- WORK ITEM -
Below is a listing to copy exactly; no image goes into the copy.

- DATASET ENTRIES -
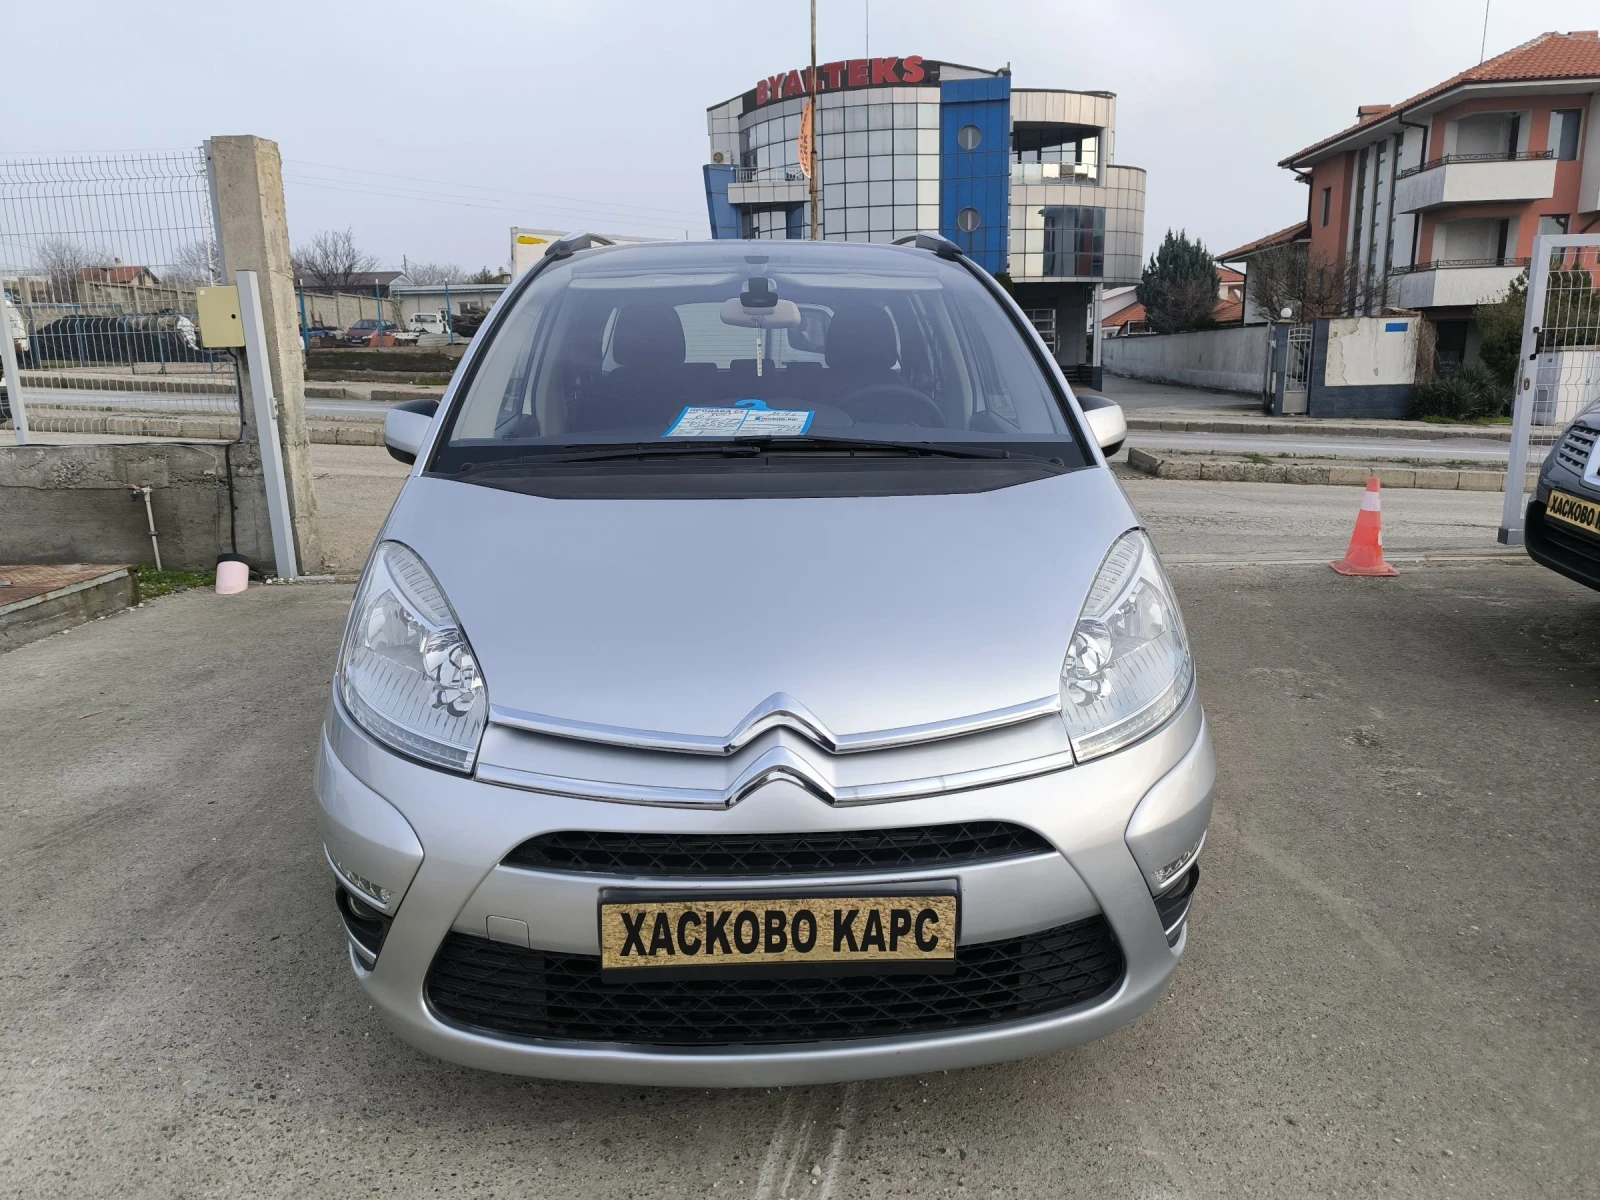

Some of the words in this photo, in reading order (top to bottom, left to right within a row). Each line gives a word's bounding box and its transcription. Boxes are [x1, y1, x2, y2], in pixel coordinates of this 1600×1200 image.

[756, 55, 925, 106] BYALTEKS
[1550, 495, 1595, 527] ХАСКОВО
[619, 909, 818, 957] ХАСКОВО
[833, 908, 940, 953] КАРС

- EXERCISE SOLUTION -
Some of the words in this photo, in reading order (top to bottom, left to right within a row). Each line gives a word's bounding box and its transcription. Boxes are [x1, y1, x2, y2], in pixel coordinates of this 1600×1200 image.

[756, 55, 925, 106] BYALTEKS
[1550, 495, 1595, 527] ХАСКОВО
[619, 909, 818, 957] ХАСКОВО
[833, 908, 940, 953] КАРС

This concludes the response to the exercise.